To be effective at producing advanced DRAM, an etching machine must perform well across several metrics: how fast it can etch, how uniformly, how selective it is in etching only the right materials, and whether it can avoid defects and produce at high yields. Ideally one would have quantitative data on all these dimensions. Unfortunately, how these metrics trade off against one another is the secret sauce behind how effective these machines are, and so companies are loath to disclose any useful information at all. This makes rigorous comparison of how the Primo UD-RIE stacks up against Western equivalents difficult. Without private information, the best available approach is working from what published specs there are.

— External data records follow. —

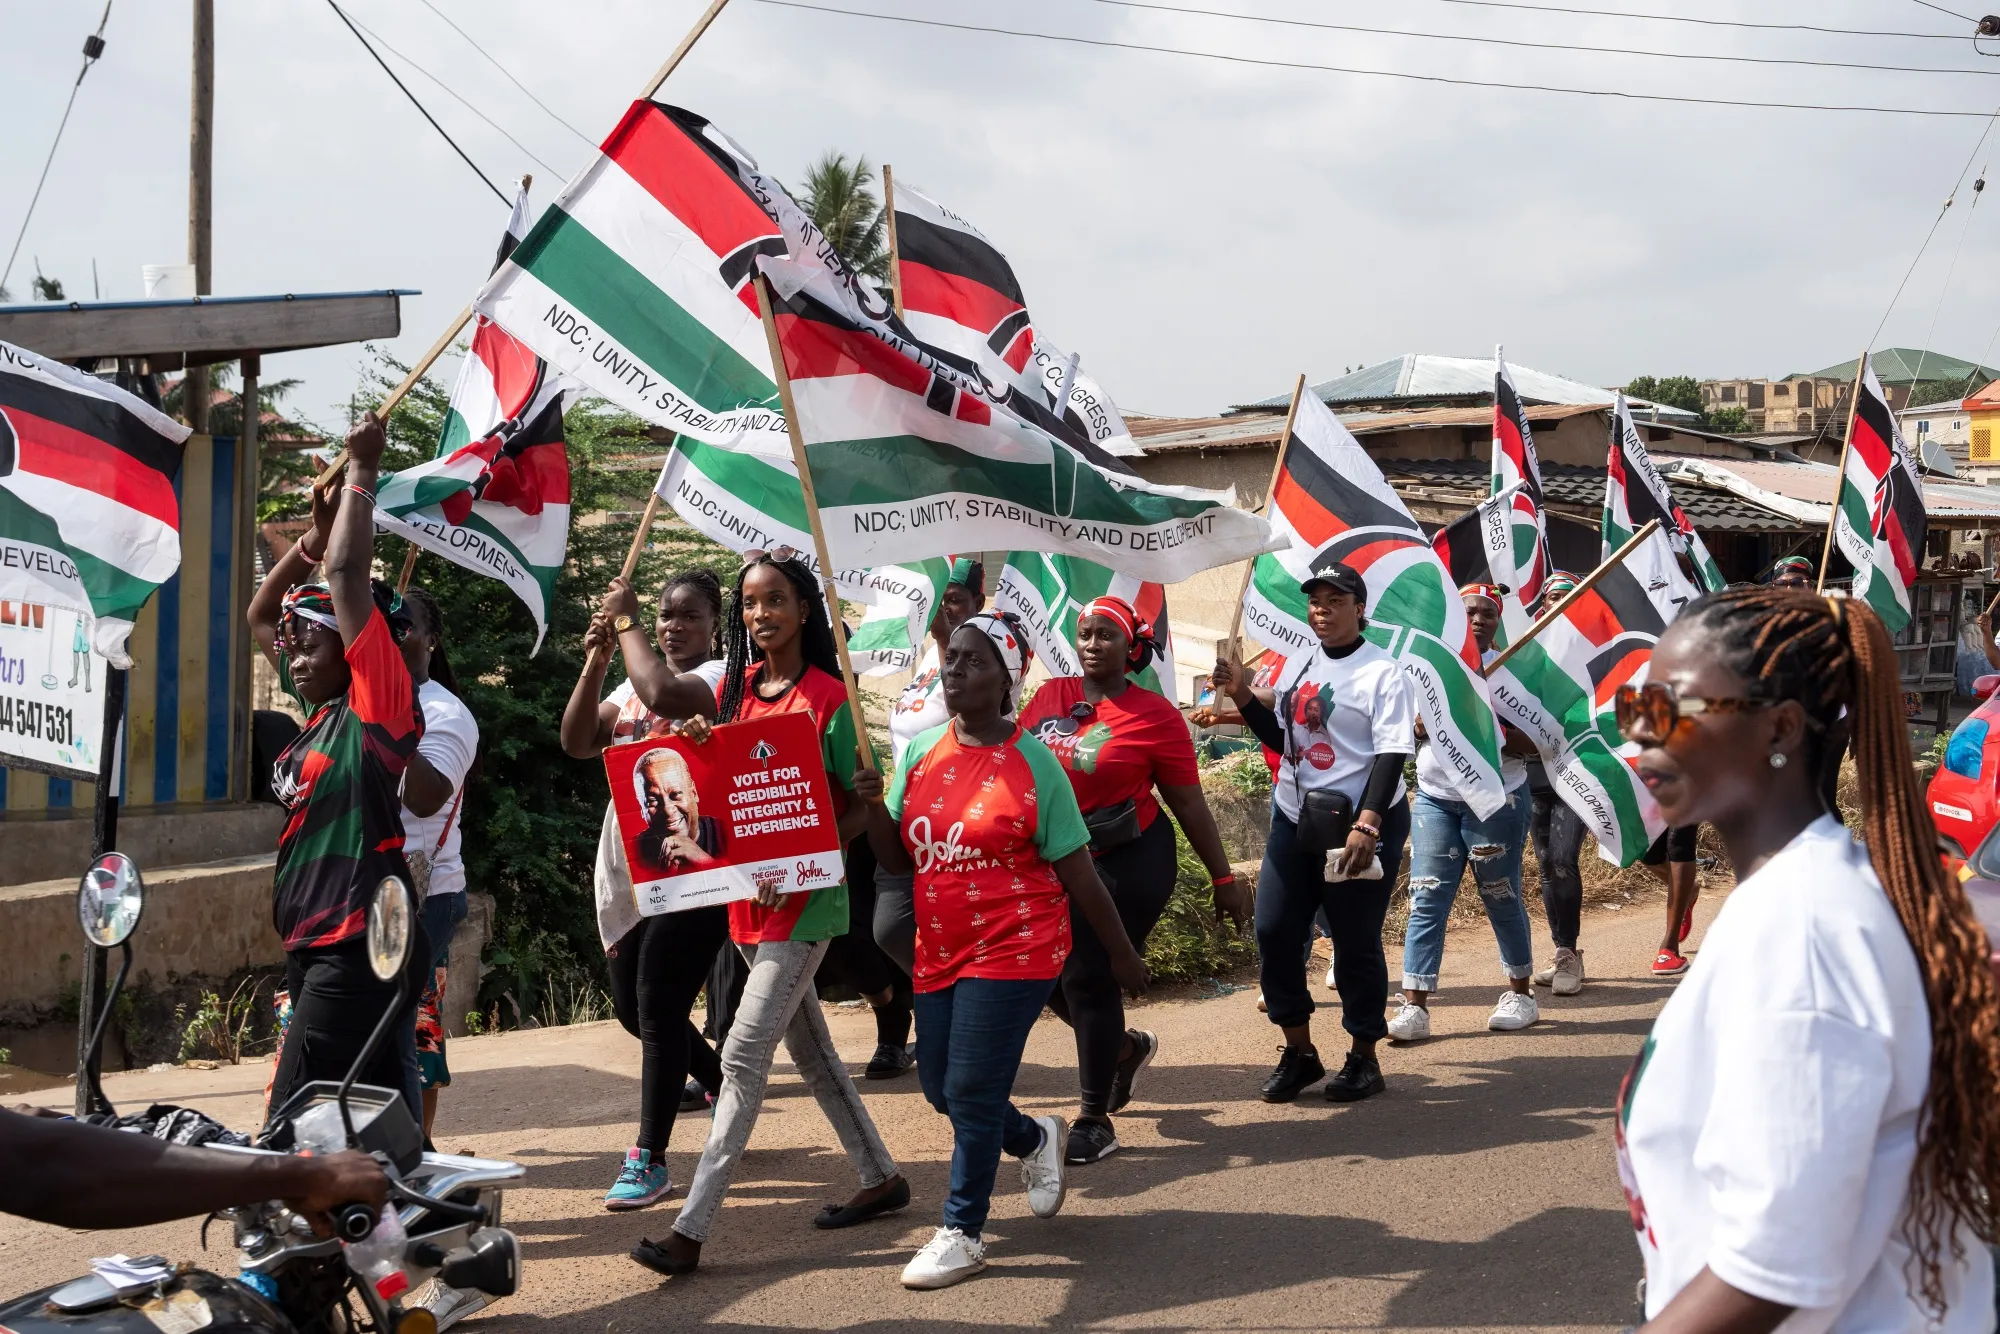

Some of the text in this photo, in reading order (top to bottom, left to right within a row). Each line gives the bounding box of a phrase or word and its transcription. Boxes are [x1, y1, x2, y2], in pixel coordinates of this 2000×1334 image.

[543, 303, 592, 353] NDC;
[592, 340, 657, 401] UNITY,
[656, 392, 742, 433] STABILITY
[737, 414, 770, 432] AND
[854, 498, 1216, 552] NDC; UNITY, STABILITY AND DEVELOENT
[400, 516, 525, 580] ELOPMENT
[0, 546, 80, 583] EVELOP
[870, 575, 907, 596] AND
[995, 578, 1071, 675] STABILITY AND
[1405, 663, 1431, 689] AND
[16, 698, 42, 739] 547
[45, 704, 73, 746] 531
[1051, 748, 1089, 761] AHAMA
[732, 766, 801, 788] VOTE FOR
[981, 780, 996, 788] NDC
[728, 781, 811, 805] CREDIBILITY
[1562, 770, 1616, 839] DEVELOPMENT
[731, 797, 817, 821] INTEGRITY &
[970, 808, 984, 816] NDC
[733, 814, 820, 838] EXPERIENCE
[908, 815, 983, 874] John
[751, 868, 788, 880] THE GHANA
[797, 860, 831, 887] John
[649, 895, 667, 905] NDC
[1017, 906, 1032, 915] NDC
[971, 918, 987, 927] NDC

For the Primo UD-RIE, by far the most useful piece of information disclosed is that, in AMEC’s financial reporting, it describes the UD-RIE as being capable of 60:1 aspect ratio etching. Using that figure I very roughly compare it to equivalent machines from Lam Research and Tokyo Electron. My best estimate is that the UD-RIE is comparable to Western tools from 2018 or 2019, and remains well behind the most cutting-edge tools, which are now approaching >100:1 aspect ratios.5

What does this mean, concretely, for China’s HBM efforts? DRAM fabrication progress is usually measured in “memory nodes”, which are generations similar to the 4G and 5G of cellular networks. Each node builds on the one before to create ever denser memory cells and higher performance. Unhelpfully, memory nodes use confusing alphabetical naming conventions that have diverged between South Korean and American producers, but you can see the progression in the table below. HBM generations are similar, representing the progression to ever-higher HBM stacks that boast greater capacity and bandwidth.

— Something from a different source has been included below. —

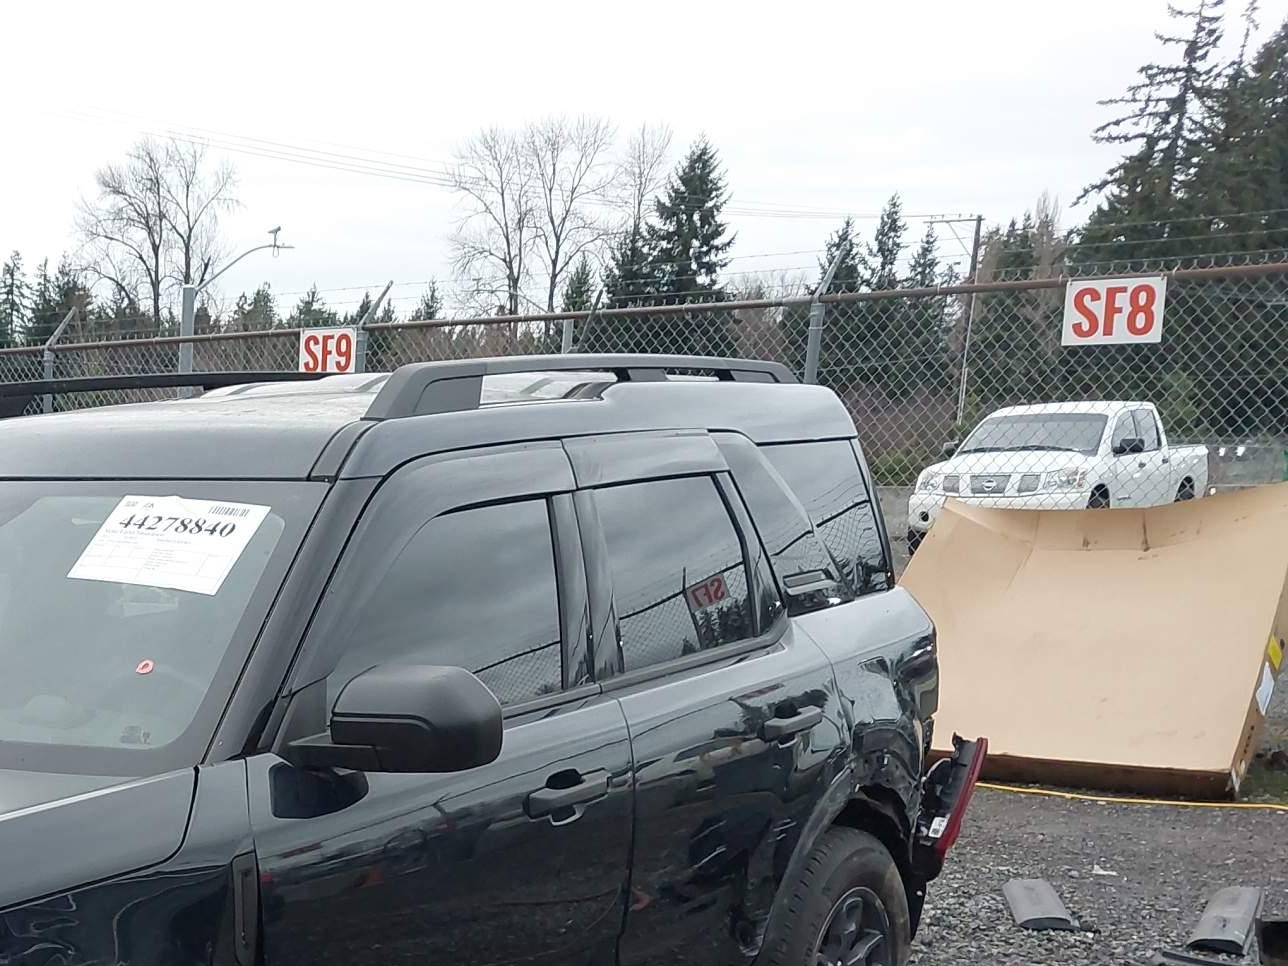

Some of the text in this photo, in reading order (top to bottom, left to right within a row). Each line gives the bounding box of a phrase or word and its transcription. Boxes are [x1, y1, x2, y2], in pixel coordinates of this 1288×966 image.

[1072, 283, 1157, 338] SF8
[303, 333, 352, 372] SF9
[119, 513, 237, 538] 44278840

The Primo UD-RIE is likely only capable of producing HBM2, or possibly HBM2E, some three to four generations and six to eight years behind the frontier. While supporting HBM2 production has some limited utility for China’s AI efforts, what China really needs is a machine that can support HBM3 production at scale. Huawei’s Ascend 910C has used a combination of HBM2E and HBM3, and Huawei has said it will adopt a custom HBM solution for its next line of Ascend 950 chips, but for this solution to be “more cost-effective than HBM3E and HBM4E” as Huawei claims, it will need production capabilities similar to HBM3.

China’s leading DRAM producer CXMT has targeted HBM3 as its goal for 2026, and will likely succeed at reasonable scale, due to its stockpile of advanced Western machines. Due to export controls limiting further import of these Western machines, CXMT needs domestic machines to scale up its advanced production and HBM3 into 2027 and 2028.

AMEC has promised that it can solve this bottleneck with a successor to the UD-RIE that can handle 90:1 aspect ratios. AMEC claims this machine is “about to enter the market”6 as of its most recent reporting, for Q3 2025. If true, this would be a major jump in capability, from six to eight years behind the frontier to more like two to three, covering more recent DRAM nodes including those needed for HBM3.

Producing an etching machine closer to the frontier will require AMEC to master a set of technical challenges that grow more extreme with each increase in aspect ratio. Reaching the bottom of ever taller and narrower holes to carve out capacitors needs better control across the radio frequency power source and the plasma itself. Controlling temperature becomes crucial, with effective etching requiring management of hundreds of temperature zones across the wafer, since some areas etch faster than others.

The key inputs to AMEC’s success here are R&D funding, strong human capital, and time, of which it has at least two.

AMEC is rapidly scaling its R&D spending

AMEC has become one of China’s largest semiconductor equipment companies, with products spanning etching, deposition, and other processes. Its origins trace back to early state industrial policies. It was founded by Gerald Yin in Shanghai in 2004. At age 60, Yin had established himself in Silicon Valley, graduating from UCLA and working for two decades at Intel, Lam Research, and Applied Materials.7 He returned with a team of 15 engineers to embark on the novel challenge of building a semiconductor equipment business in China.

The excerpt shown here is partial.